TASK TO CARRY OUT:
Skip the images and restate every line of the records exactly.

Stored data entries
• • • • •

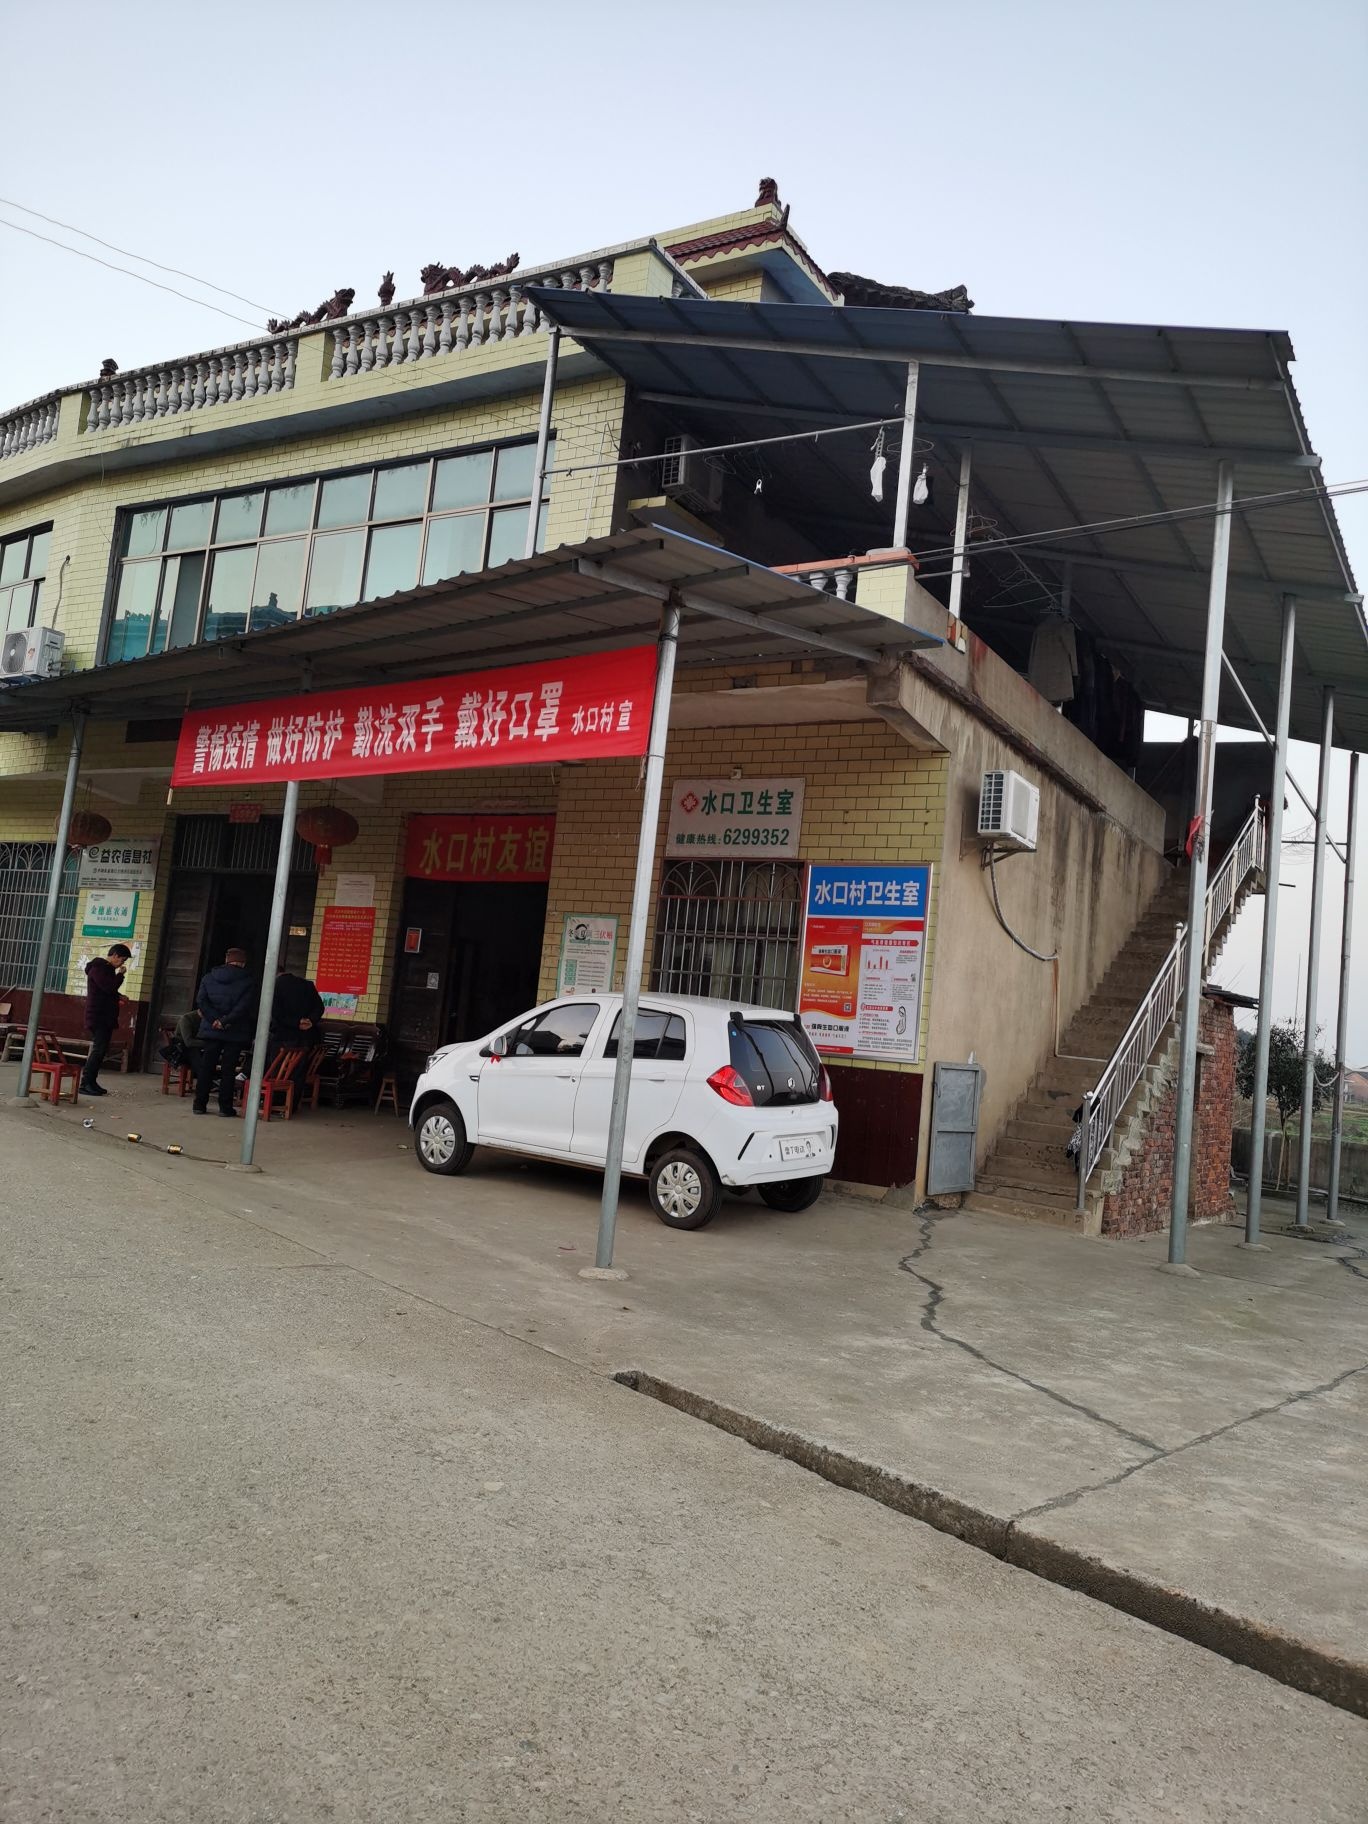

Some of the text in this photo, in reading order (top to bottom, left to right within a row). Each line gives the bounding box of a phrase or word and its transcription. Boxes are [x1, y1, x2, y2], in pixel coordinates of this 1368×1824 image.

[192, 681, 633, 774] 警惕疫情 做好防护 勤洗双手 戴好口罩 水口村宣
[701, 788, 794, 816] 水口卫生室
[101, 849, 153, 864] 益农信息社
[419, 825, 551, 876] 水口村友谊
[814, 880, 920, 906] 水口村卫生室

• • • • •

SOLUTION TO THE PROBLEM:
Some of the text in this photo, in reading order (top to bottom, left to right within a row). Each line gives the bounding box of a phrase or word and its transcription. Boxes are [x1, y1, x2, y2], in pixel coordinates of this 1368×1824 image.

[192, 681, 633, 774] 警惕疫情 做好防护 勤洗双手 戴好口罩 水口村宣
[701, 788, 794, 816] 水口卫生室
[101, 849, 153, 864] 益农信息社
[419, 825, 551, 876] 水口村友谊
[814, 880, 920, 906] 水口村卫生室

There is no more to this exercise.